== Segment start ==

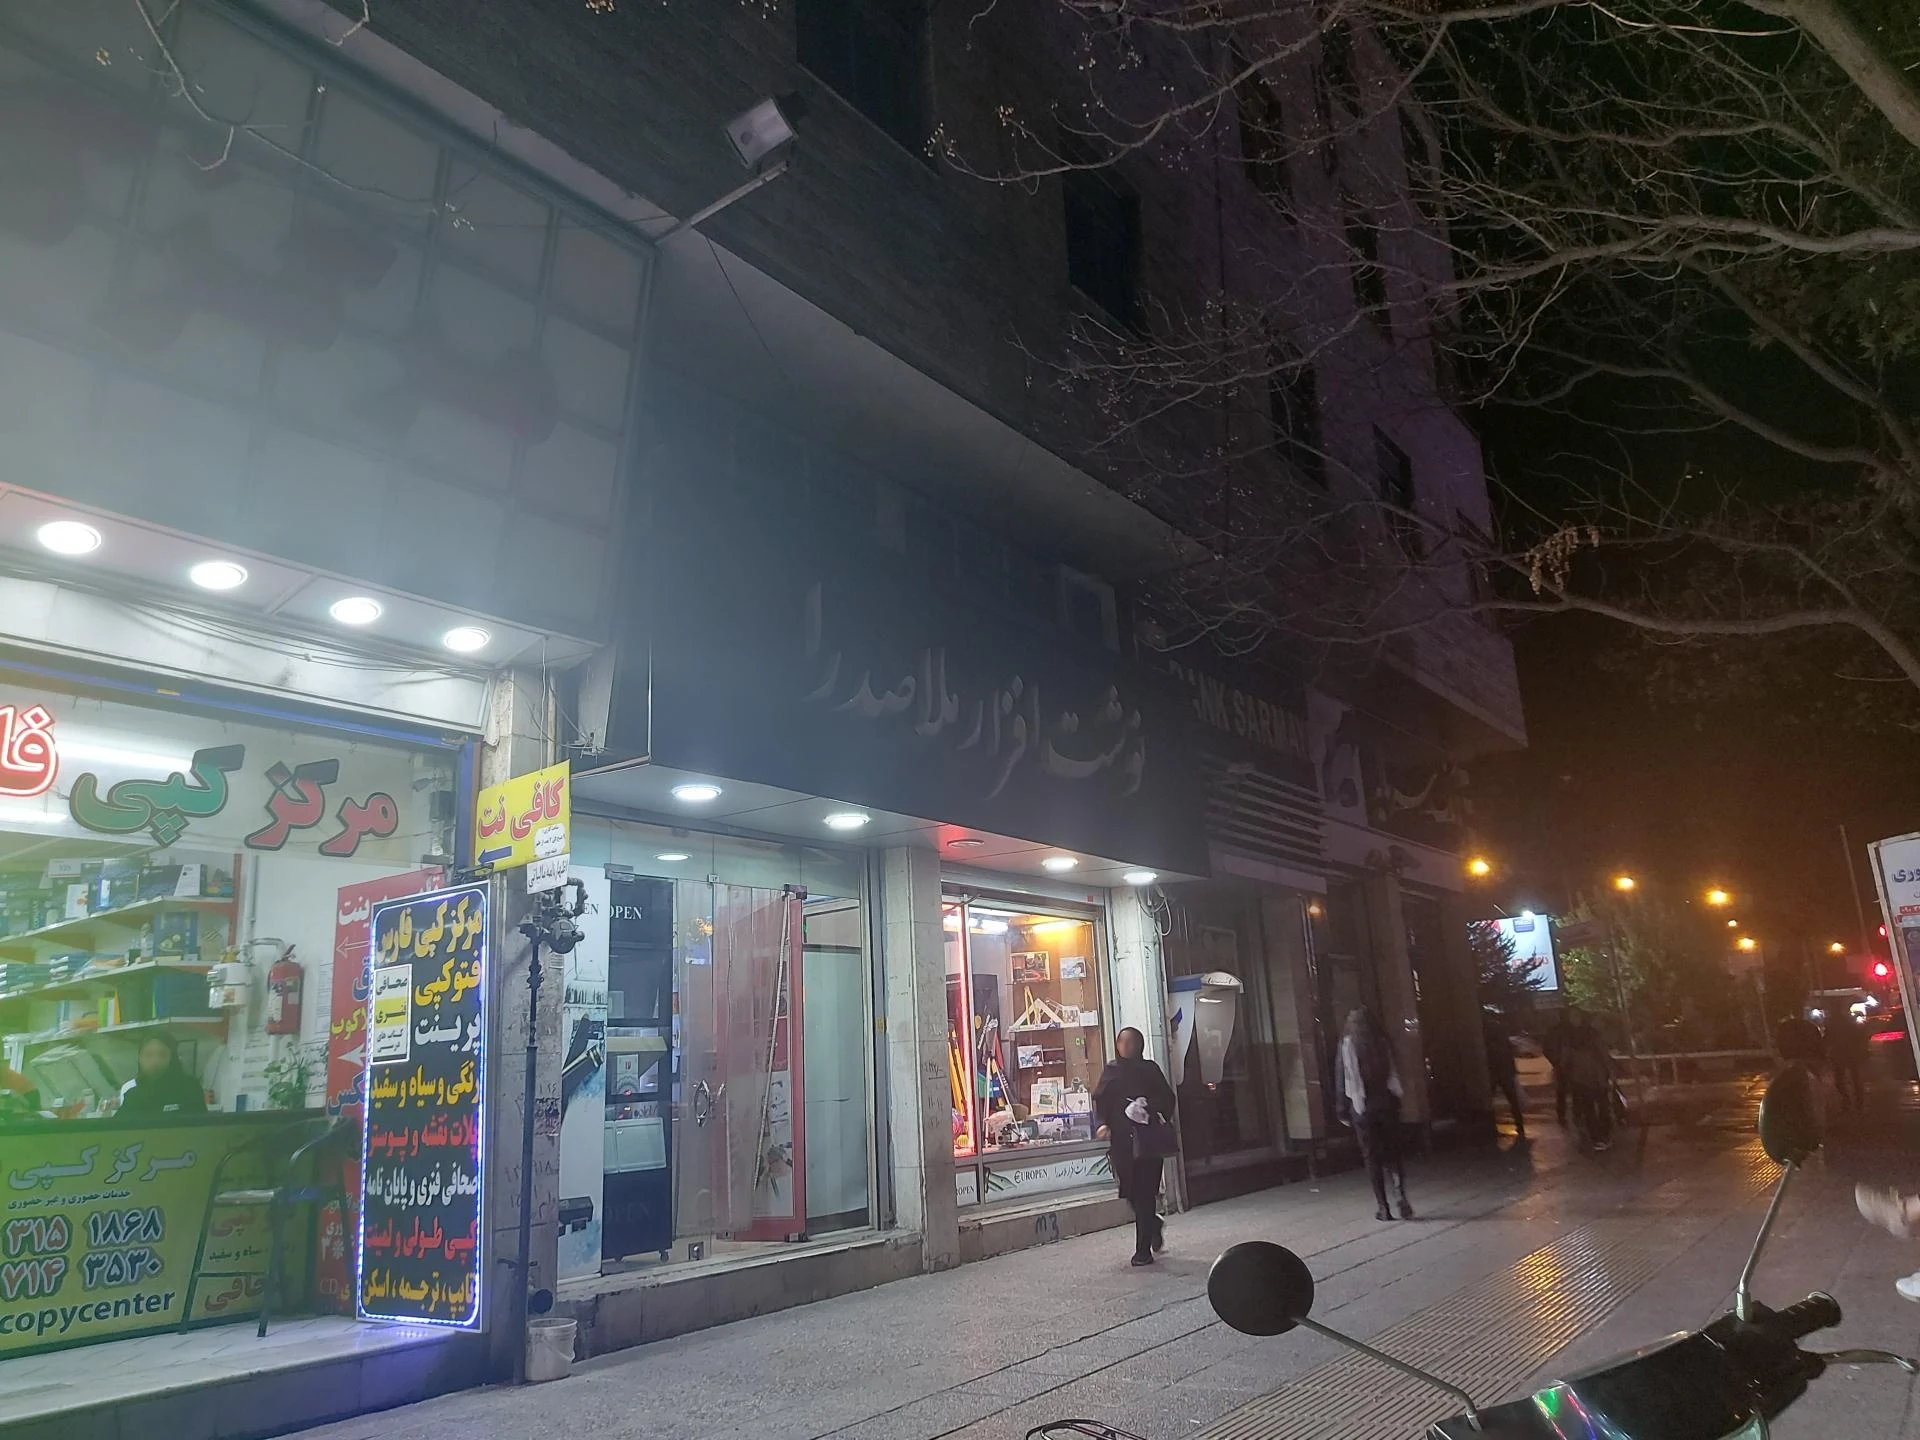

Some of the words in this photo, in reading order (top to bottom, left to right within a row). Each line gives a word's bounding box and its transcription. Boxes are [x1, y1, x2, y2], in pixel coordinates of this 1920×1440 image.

[802, 582, 960, 737] ملاصدرا
[69, 743, 246, 848] کپی
[244, 758, 399, 858] مرکز
[479, 794, 506, 839] نت
[510, 777, 565, 841] کافی
[376, 907, 412, 963] فارس
[415, 899, 448, 958] کپی
[447, 896, 482, 953] مرکز
[376, 976, 408, 996] صحافی
[415, 950, 481, 1010] فتوکپی
[414, 1013, 481, 1056] پرینت
[370, 1068, 398, 1109] سفید
[398, 1080, 407, 1108] و
[409, 1065, 436, 1107] سیاه
[436, 1076, 445, 1106] و
[447, 1060, 480, 1104] رنگی
[367, 1123, 409, 1162] پوستر
[410, 1129, 419, 1157] و
[421, 1112, 448, 1147] نقشه
[450, 1113, 479, 1161] پلات
[8, 1144, 100, 1191] کپی
[103, 1141, 198, 1185] مرکز
[366, 1166, 384, 1197] نامه
[417, 1161, 442, 1206] فنری
[442, 1161, 478, 1206] صحافی
[384, 1166, 408, 1211] پایان
[408, 1179, 415, 1206] و
[5, 1214, 70, 1256] ۳۱۵
[87, 1206, 164, 1247] ۱۸۶۸
[365, 1217, 393, 1257] لمینت
[394, 1231, 401, 1258] و
[403, 1215, 443, 1259] طولی
[445, 1218, 478, 1266] کپی
[0, 1256, 67, 1300] ۷۱۴
[82, 1247, 163, 1289] ۳۵۳۰
[363, 1267, 390, 1307] اسکن
[0, 1291, 176, 1337] copycenter

== Segment end ==

## Try it
The records above are to be duplicated exactly, pictures left out.

## Task solution
Some of the words in this photo, in reading order (top to bottom, left to right within a row). Each line gives a word's bounding box and its transcription. Boxes are [x1, y1, x2, y2], in pixel coordinates of this 1920×1440 image.

[802, 582, 960, 737] ملاصدرا
[69, 743, 246, 848] کپی
[244, 758, 399, 858] مرکز
[479, 794, 506, 839] نت
[510, 777, 565, 841] کافی
[376, 907, 412, 963] فارس
[415, 899, 448, 958] کپی
[447, 896, 482, 953] مرکز
[376, 976, 408, 996] صحافی
[415, 950, 481, 1010] فتوکپی
[414, 1013, 481, 1056] پرینت
[370, 1068, 398, 1109] سفید
[398, 1080, 407, 1108] و
[409, 1065, 436, 1107] سیاه
[436, 1076, 445, 1106] و
[447, 1060, 480, 1104] رنگی
[367, 1123, 409, 1162] پوستر
[410, 1129, 419, 1157] و
[421, 1112, 448, 1147] نقشه
[450, 1113, 479, 1161] پلات
[8, 1144, 100, 1191] کپی
[103, 1141, 198, 1185] مرکز
[366, 1166, 384, 1197] نامه
[417, 1161, 442, 1206] فنری
[442, 1161, 478, 1206] صحافی
[384, 1166, 408, 1211] پایان
[408, 1179, 415, 1206] و
[5, 1214, 70, 1256] ۳۱۵
[87, 1206, 164, 1247] ۱۸۶۸
[365, 1217, 393, 1257] لمینت
[394, 1231, 401, 1258] و
[403, 1215, 443, 1259] طولی
[445, 1218, 478, 1266] کپی
[0, 1256, 67, 1300] ۷۱۴
[82, 1247, 163, 1289] ۳۵۳۰
[363, 1267, 390, 1307] اسکن
[0, 1291, 176, 1337] copycenter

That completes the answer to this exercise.